A judge has ordered Ford Motor Co. to start discussing settlement of a lawsuit filed on behalf of employees who had company stock as a retirement investment. In a key ruling made in late December, U.S. District Judge Stephen Murphy allowed the 2006 lawsuit to go forward over Ford’s objections. Current and former non-Union workers say it was a mistake for Ford to offer company stock as an investment for retirement. From April 2000 to April 2006, the stock fell approximately 70% and now trades for under $2.20. Judge Murphy said in his ruling: “A stock can be imprudently risky for an employee savings plan even in the absence of fraud or imminent collapse.”
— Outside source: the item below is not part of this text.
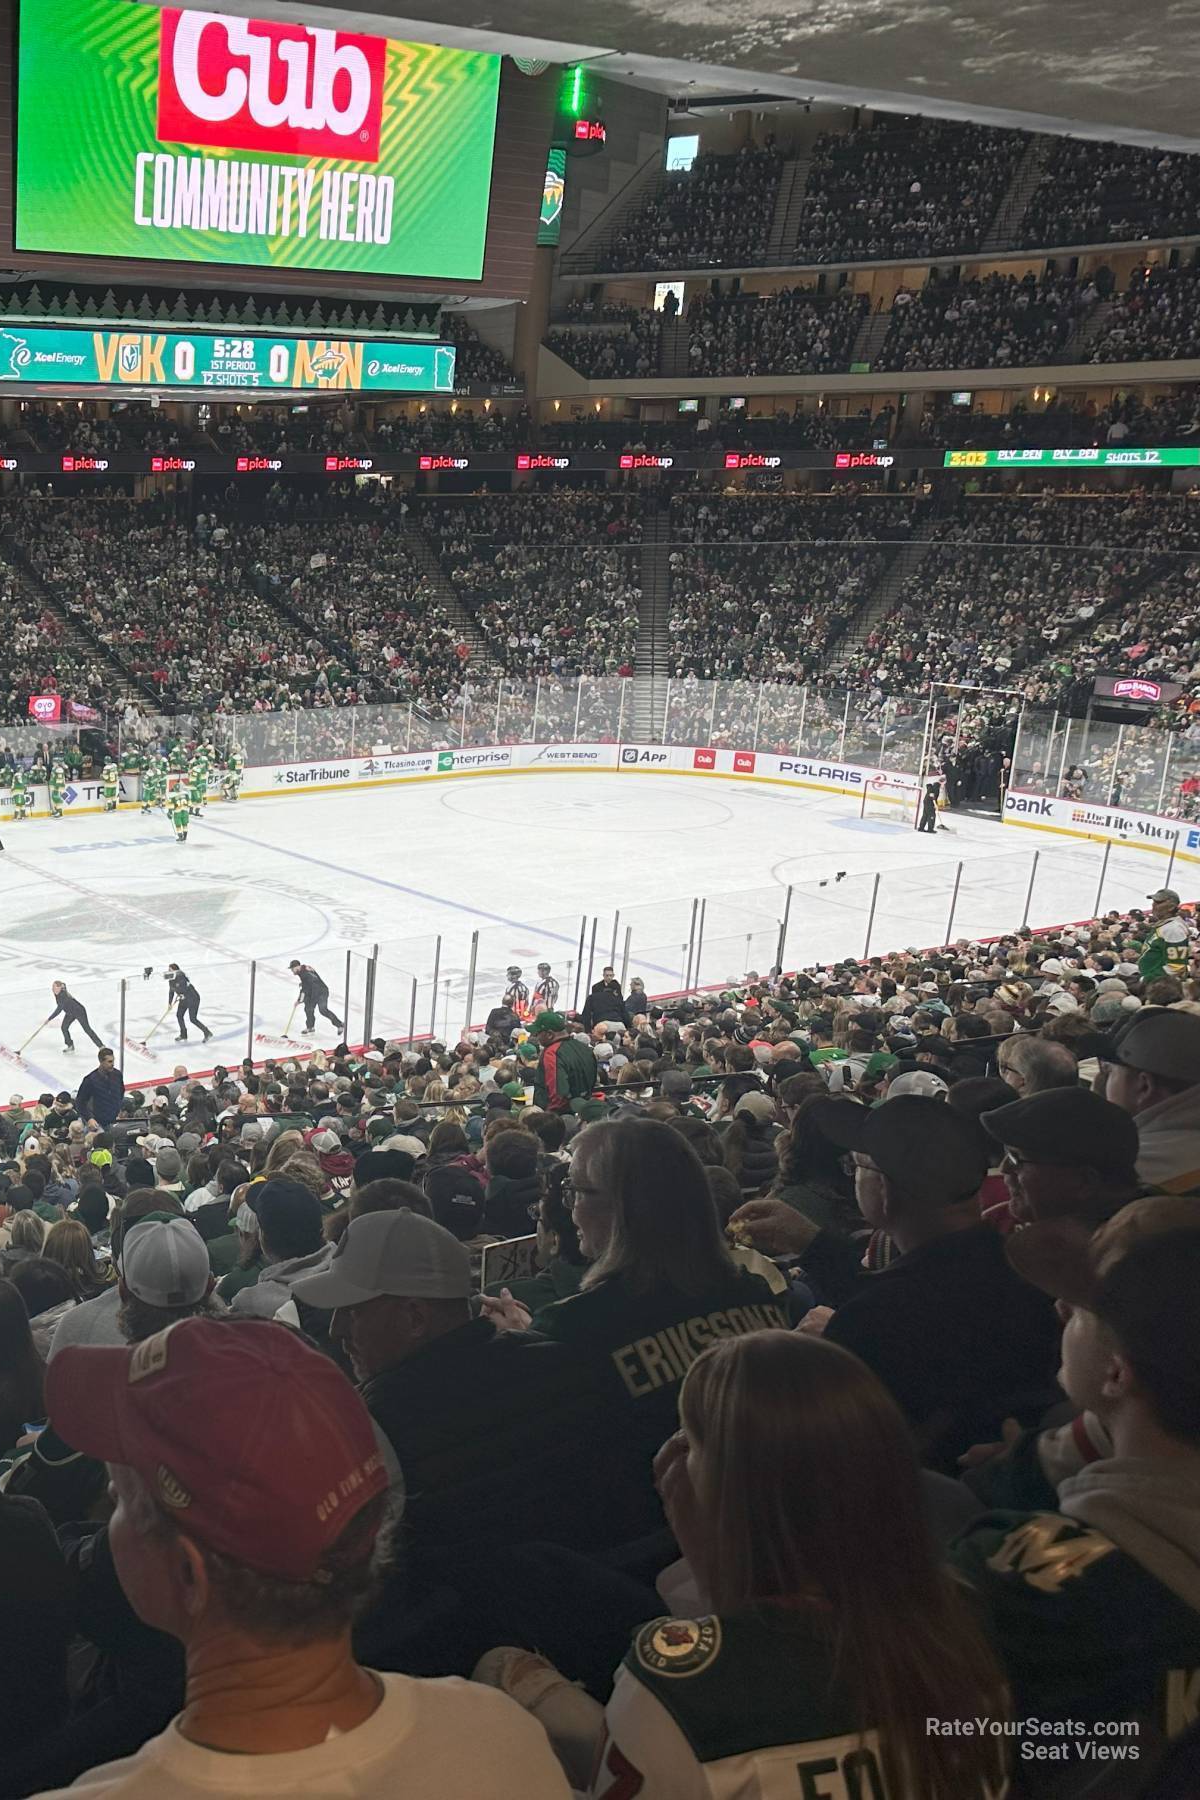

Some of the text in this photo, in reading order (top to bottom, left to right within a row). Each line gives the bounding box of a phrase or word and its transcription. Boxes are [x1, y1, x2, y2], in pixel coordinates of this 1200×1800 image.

The lawsuit was filed under ERISA, the federal law that sets rules for pension and 401(k) plans and allows participants to sue over mismanagement. It was alleged in the lawsuit that Ford “had an obligation to protect the plan and its participants from unreasonable and entirely predictable losses,” and that the company “failed to apprise participants of the myriad of systemic, internal and marketplace problems … which threatened the viability of the company.”
Ford claimed that employees had opportunities to diversify their investments in major mutual funds. Judge Murphy wants Ford and lawyers for employees to start holding settlement talks under the supervision of U.S. Magistrate Judge Steven Pepe. A similar lawsuit involving GM employees and company stock was settled this year for $37.5 million.